◆ Task goal:
The records below need to be repeated exactly, though not their pictures.

◆ Given data:
-*-*-

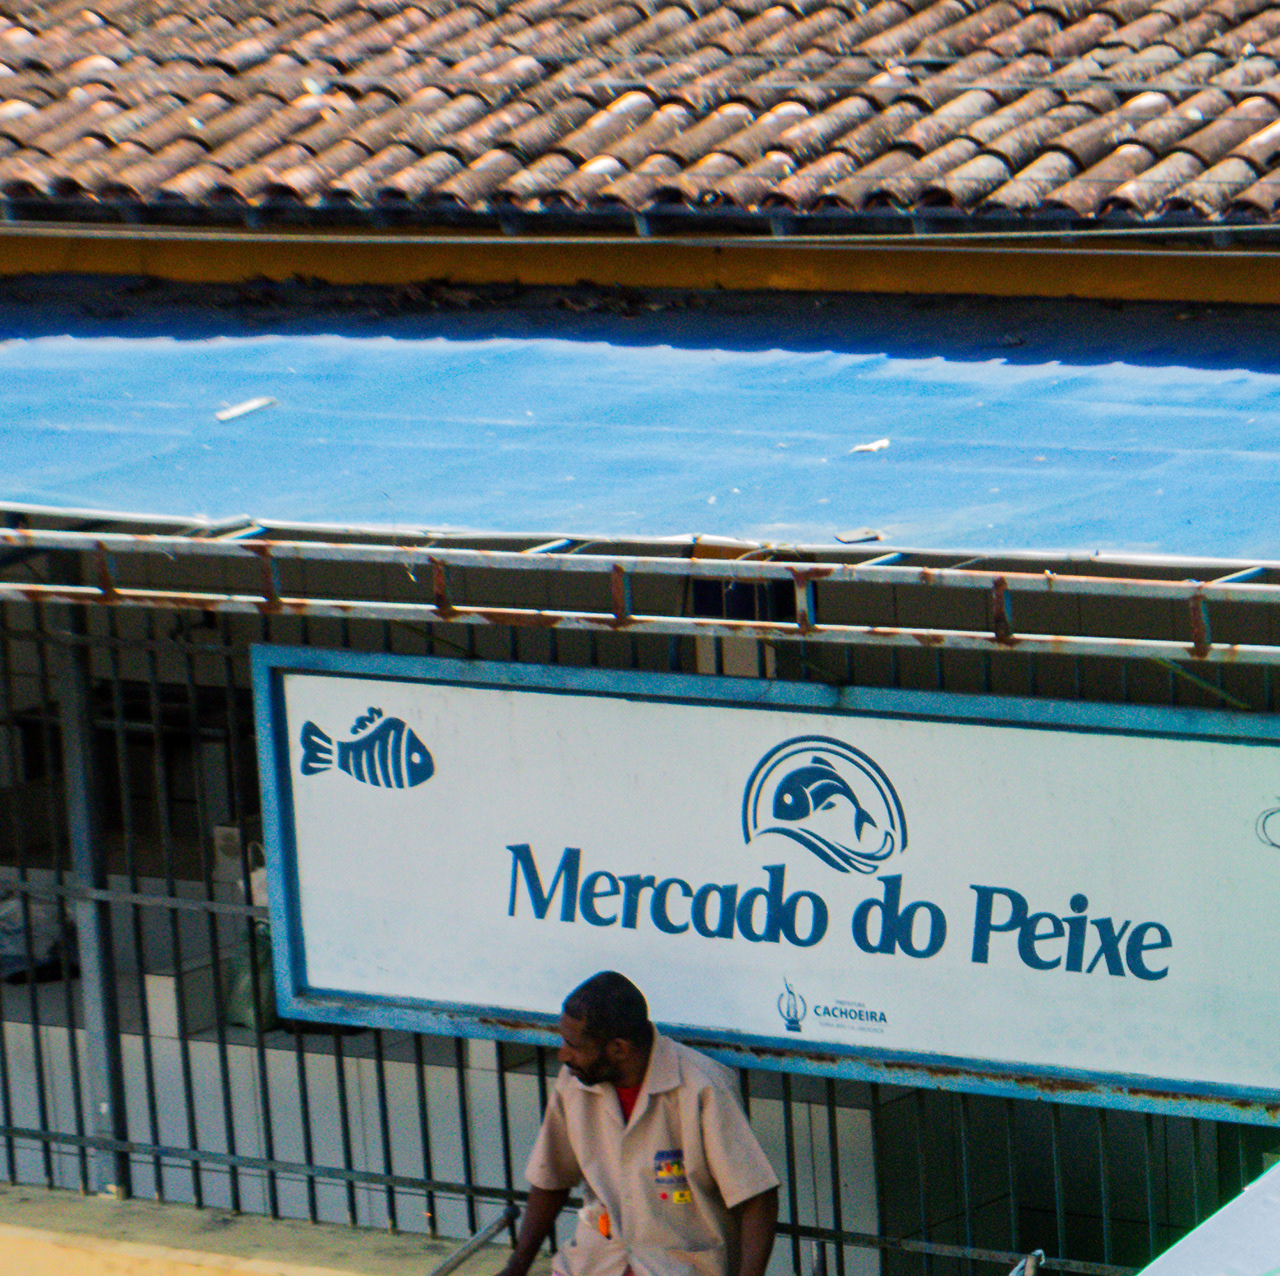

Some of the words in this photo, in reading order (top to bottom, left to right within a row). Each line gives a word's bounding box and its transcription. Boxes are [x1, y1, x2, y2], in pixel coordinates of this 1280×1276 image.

[506, 843, 828, 948] Mercado
[851, 874, 947, 958] do
[969, 884, 1173, 981] Peixe
[814, 1005, 887, 1023] CACHOEIRA

-*-*-

◆ Result of the task:
Some of the words in this photo, in reading order (top to bottom, left to right within a row). Each line gives a word's bounding box and its transcription. Boxes are [x1, y1, x2, y2], in pixel coordinates of this 1280×1276 image.

[506, 843, 828, 948] Mercado
[851, 874, 947, 958] do
[969, 884, 1173, 981] Peixe
[814, 1005, 887, 1023] CACHOEIRA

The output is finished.